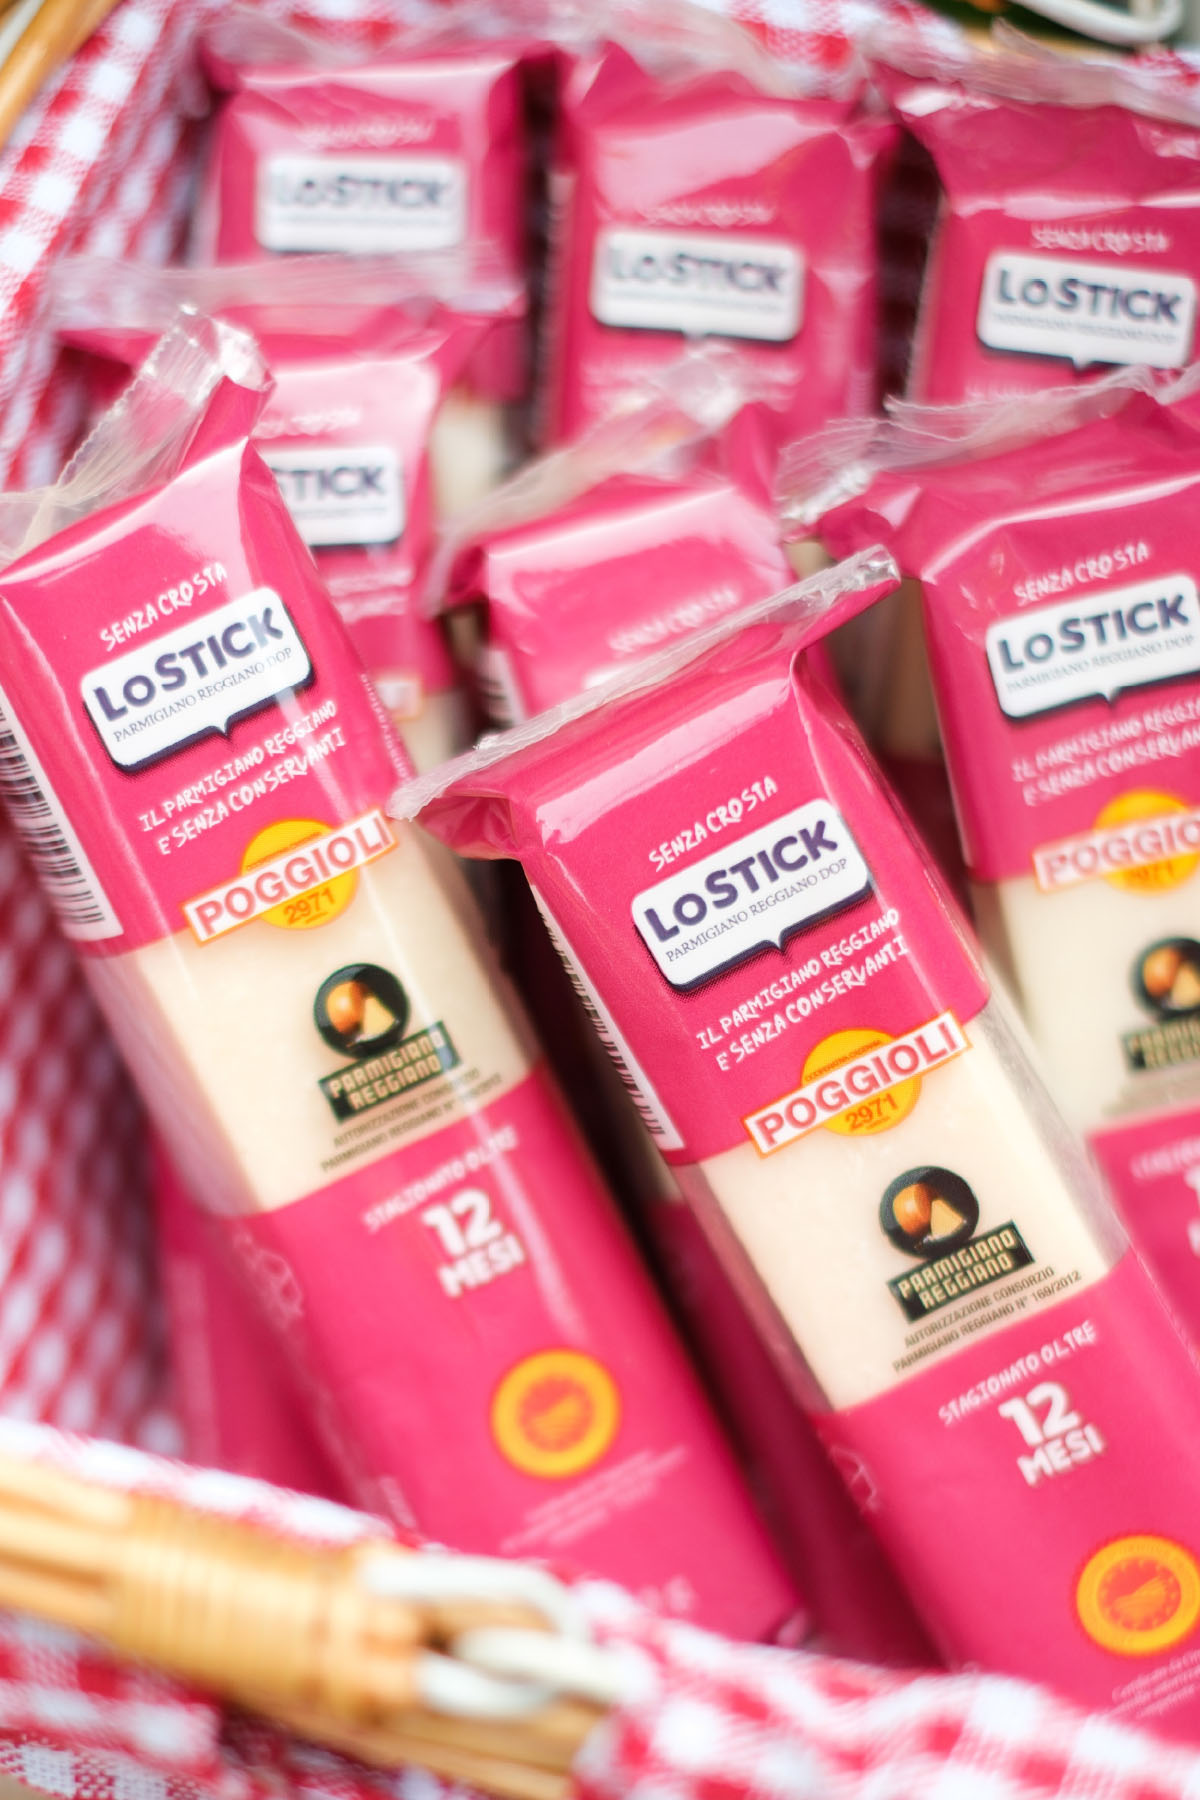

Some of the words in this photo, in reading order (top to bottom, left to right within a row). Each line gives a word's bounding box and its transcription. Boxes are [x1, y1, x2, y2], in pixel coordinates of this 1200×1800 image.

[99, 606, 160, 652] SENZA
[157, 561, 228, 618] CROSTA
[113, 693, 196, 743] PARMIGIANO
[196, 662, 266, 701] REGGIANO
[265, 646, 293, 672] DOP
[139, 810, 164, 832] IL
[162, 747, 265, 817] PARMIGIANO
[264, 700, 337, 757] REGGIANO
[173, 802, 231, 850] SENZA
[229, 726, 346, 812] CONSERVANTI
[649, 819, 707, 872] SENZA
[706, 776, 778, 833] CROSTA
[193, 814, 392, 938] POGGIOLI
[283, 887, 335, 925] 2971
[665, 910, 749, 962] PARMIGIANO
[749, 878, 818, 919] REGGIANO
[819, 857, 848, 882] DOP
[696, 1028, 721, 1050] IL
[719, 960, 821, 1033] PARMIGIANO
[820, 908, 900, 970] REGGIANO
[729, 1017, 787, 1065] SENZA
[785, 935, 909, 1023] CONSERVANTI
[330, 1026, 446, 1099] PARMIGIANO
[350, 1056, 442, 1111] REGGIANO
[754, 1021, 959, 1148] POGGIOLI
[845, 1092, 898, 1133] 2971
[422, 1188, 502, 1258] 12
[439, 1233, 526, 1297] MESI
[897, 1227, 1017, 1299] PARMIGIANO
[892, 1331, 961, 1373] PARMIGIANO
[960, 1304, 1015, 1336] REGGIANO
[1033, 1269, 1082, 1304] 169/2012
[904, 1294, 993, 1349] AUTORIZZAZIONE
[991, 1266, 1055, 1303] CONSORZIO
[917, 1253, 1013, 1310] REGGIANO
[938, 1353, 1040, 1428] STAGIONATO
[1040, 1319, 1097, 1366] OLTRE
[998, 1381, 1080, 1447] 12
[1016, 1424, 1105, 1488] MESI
- - - - -
Exercise
Output the complete listing exactly. Pictures stay out.

Answer area
Some of the words in this photo, in reading order (top to bottom, left to right within a row). Each line gives a word's bounding box and its transcription. Boxes are [x1, y1, x2, y2], in pixel coordinates of this 1200×1800 image.

[99, 606, 160, 652] SENZA
[157, 561, 228, 618] CROSTA
[113, 693, 196, 743] PARMIGIANO
[196, 662, 266, 701] REGGIANO
[265, 646, 293, 672] DOP
[139, 810, 164, 832] IL
[162, 747, 265, 817] PARMIGIANO
[264, 700, 337, 757] REGGIANO
[173, 802, 231, 850] SENZA
[229, 726, 346, 812] CONSERVANTI
[649, 819, 707, 872] SENZA
[706, 776, 778, 833] CROSTA
[193, 814, 392, 938] POGGIOLI
[283, 887, 335, 925] 2971
[665, 910, 749, 962] PARMIGIANO
[749, 878, 818, 919] REGGIANO
[819, 857, 848, 882] DOP
[696, 1028, 721, 1050] IL
[719, 960, 821, 1033] PARMIGIANO
[820, 908, 900, 970] REGGIANO
[729, 1017, 787, 1065] SENZA
[785, 935, 909, 1023] CONSERVANTI
[330, 1026, 446, 1099] PARMIGIANO
[350, 1056, 442, 1111] REGGIANO
[754, 1021, 959, 1148] POGGIOLI
[845, 1092, 898, 1133] 2971
[422, 1188, 502, 1258] 12
[439, 1233, 526, 1297] MESI
[897, 1227, 1017, 1299] PARMIGIANO
[892, 1331, 961, 1373] PARMIGIANO
[960, 1304, 1015, 1336] REGGIANO
[1033, 1269, 1082, 1304] 169/2012
[904, 1294, 993, 1349] AUTORIZZAZIONE
[991, 1266, 1055, 1303] CONSORZIO
[917, 1253, 1013, 1310] REGGIANO
[938, 1353, 1040, 1428] STAGIONATO
[1040, 1319, 1097, 1366] OLTRE
[998, 1381, 1080, 1447] 12
[1016, 1424, 1105, 1488] MESI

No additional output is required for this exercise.